1002 — Impact of Veteran-Mediated Health Information Sharing on Quality of Care for Dual-Use Veterans

Turvey CL, Comprehensive Acces & Delivery Research & Evaluation CADRE Iowa City; Klein DM, Comprehensive Access & Delivery Research & Evaluation CADRE Iowa City, IA; Witry M, University of Iowa College of Pharmacy; Klutts S, Iowa City VA Health Care System Iowa CIty; Pham K, Comprehensive Access and Delivery Research and Evaluation- CADRE Iowa City; Suiter N, Comprehensive Access & Delivery Research & Evaluation CADRE Iowa City; Franciscus C, Comprehensive Access and Delivery Research & Evaluation - CADRE Iowa City; Nazi KM, Veterans and Consumers Health Informatics Office, Office of Informatics and Analytics, VHA;

An estimated 40 to 70% of VA enrollees also receive medical care outside the VA, which is called dual use. Dual use will increase as a result of the Veteran's Choice Act. Prior studies have demonstrated poorer health outcomes in dual use Veterans raising concerns about the coordination of care.
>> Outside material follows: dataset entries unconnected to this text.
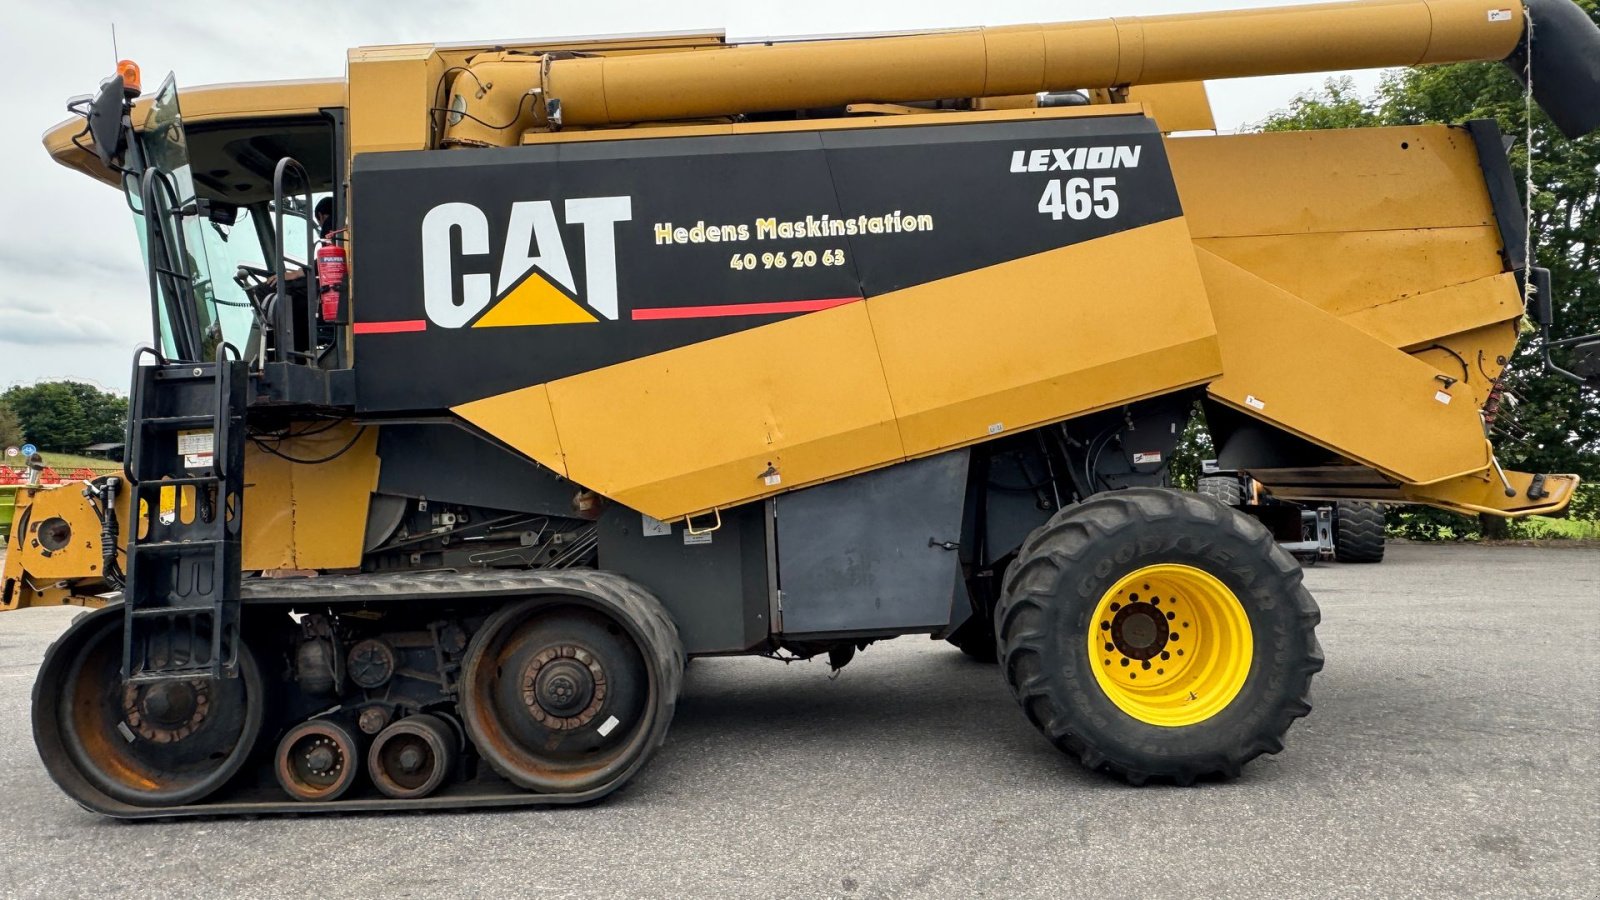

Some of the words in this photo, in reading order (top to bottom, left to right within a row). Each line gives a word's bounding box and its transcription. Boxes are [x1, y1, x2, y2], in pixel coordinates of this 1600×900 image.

[1009, 145, 1141, 173] LEXION
[1038, 177, 1119, 220] 465
[654, 220, 750, 245] Hedens
[755, 210, 934, 240] Maskinstation
[421, 195, 633, 329] CAT
[730, 253, 757, 271] 40
[761, 251, 787, 269] 96
[791, 250, 817, 268] 20
[822, 248, 846, 266] 63
[1076, 534, 1279, 611] GOODYEAR
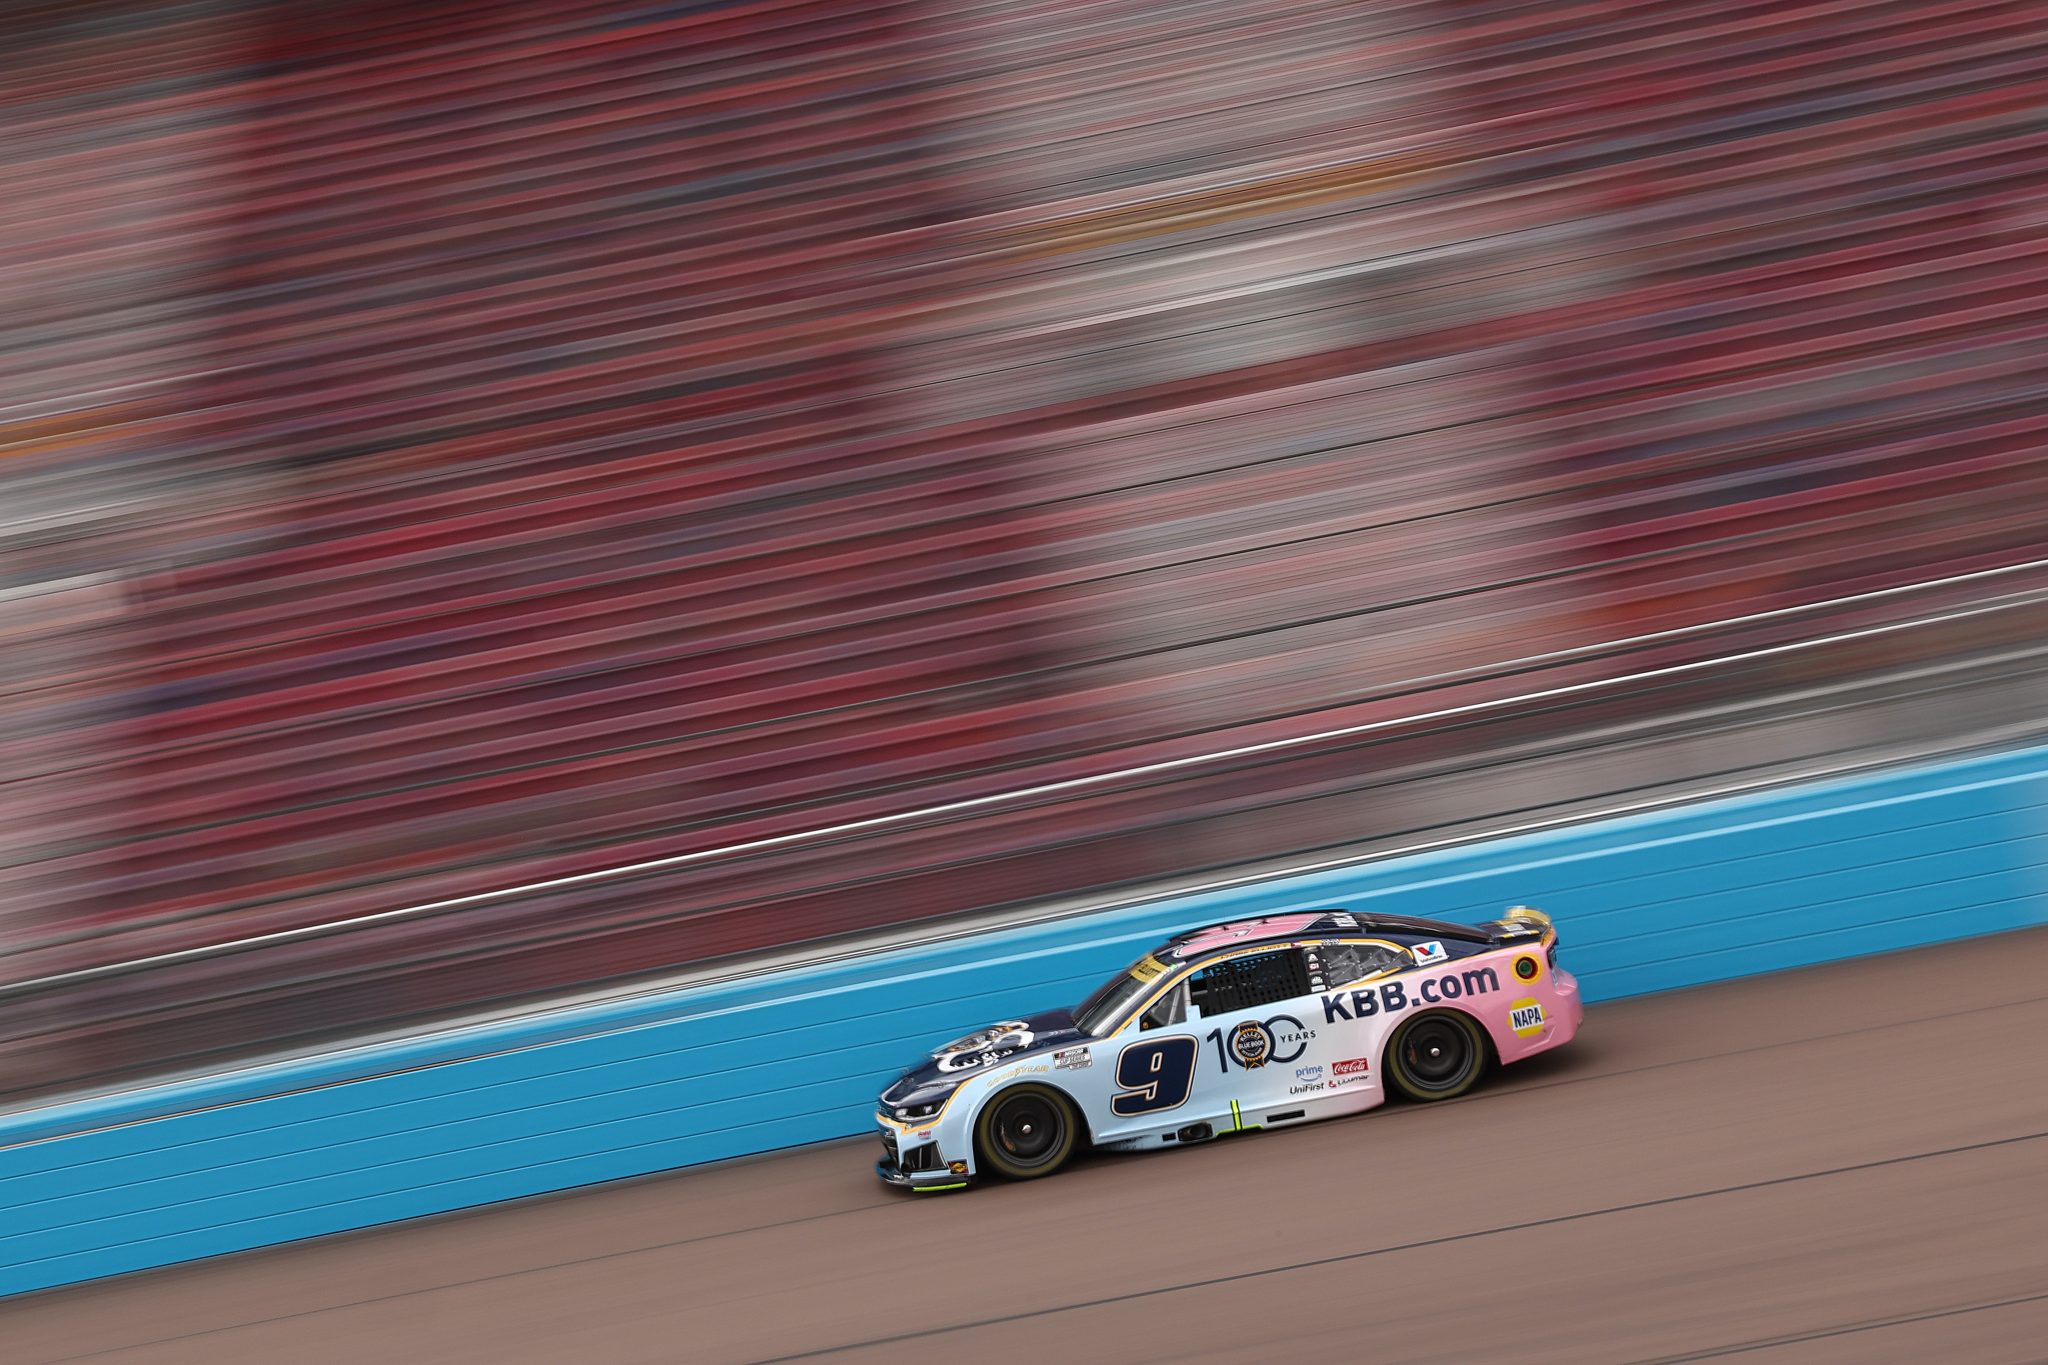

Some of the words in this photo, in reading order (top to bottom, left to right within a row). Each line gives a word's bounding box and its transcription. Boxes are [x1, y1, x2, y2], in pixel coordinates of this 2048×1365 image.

[1321, 967, 1501, 1024] KBB.com
[1512, 1006, 1542, 1029] NAPA
[1206, 1014, 1307, 1074] 100
[1280, 1030, 1316, 1043] YEARS
[1110, 1033, 1199, 1117] 9
[1295, 1065, 1324, 1079] prime
[1289, 1082, 1325, 1095] UniFirst
The VA is currently implementing Veteran-mediated health information exchange through the Blue Button feature of My HealtheVet. The Blue Button allows Veterans to generate a VA Health Summary of information taken directly from CPRS.

This was a pilot two-arm randomized controlled trial where 52 Veterans were randomized to either 1) receive training on how to generate a VA Health Summary to share with their non-VA provider OR 2) Attention Control training on evaluating the quality of health information on the Internet. Veterans were then followed to their next non-VA medical visit where they and their providers were asked to complete a brief one-page assessment. Medical records for the non-VA visits were obtained.
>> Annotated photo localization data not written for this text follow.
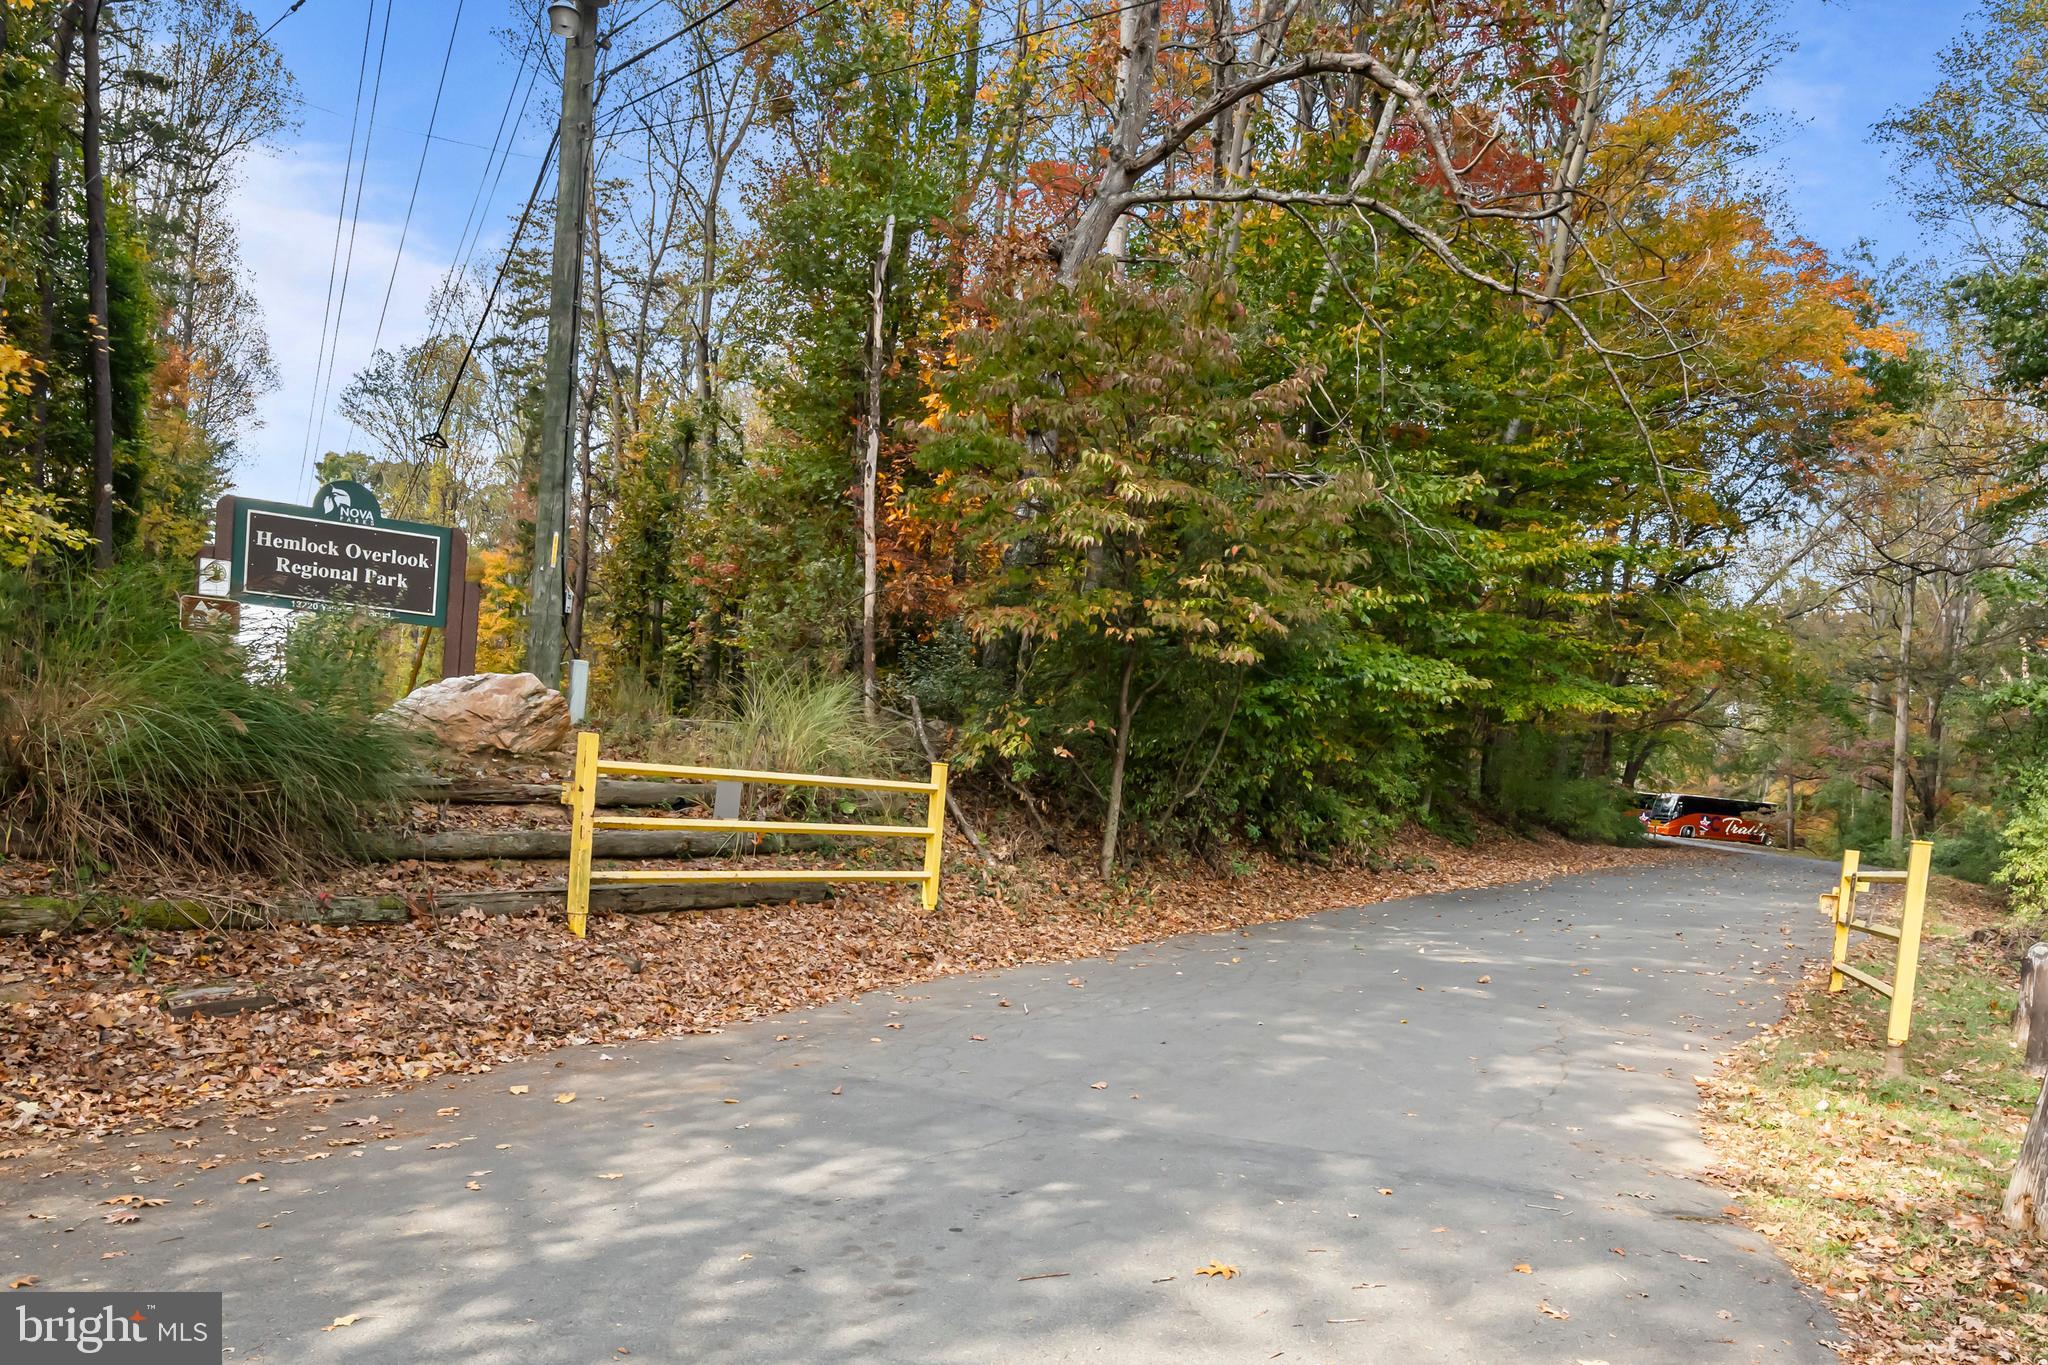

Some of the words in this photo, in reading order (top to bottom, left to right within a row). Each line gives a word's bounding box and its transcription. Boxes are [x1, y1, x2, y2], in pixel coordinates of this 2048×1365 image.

[340, 507, 374, 521] NOVA
[340, 516, 375, 527] PARKS
[256, 530, 339, 556] Hemlock
[345, 543, 429, 569] Overlook
[276, 556, 358, 582] Regional
[365, 567, 408, 589] Park
Ninety-percent of Veterans in the Health Summary training arm brought it to their next non-VA provider visit as compared with 17% in the Attention Control training (P < 0.001). Ninety-percent of the non-VA providers indicated that having the VA Health Summary improved their ability to manage Veterans' medications. A third of these providers indicated that they did not order laboratory tests because of the information available on the VA Health Summary. Medical record review confirmed that there were no duplicate laboratory draws in the Health Summary arm, while 28% of the Attention Control group did have a duplicate laboratory (p < 0.01). There were no group differences in medication concordance. Sixty-seven percent of Veterans endorsed that the VA Health Summary helped them to become more involved in their healthcare and 81% endorsed that they will regularly share their Health Summary with non-VA providers.

Training Veterans to use My HealtheVet for health information sharing will lead to increased satisfaction and reduction in duplicate laboratories. Its impact on medication reconciliation is not clear.

The My HealtheVet Blue Button can empower dual use Veterans to improve care coordination between VA and non-VA providers.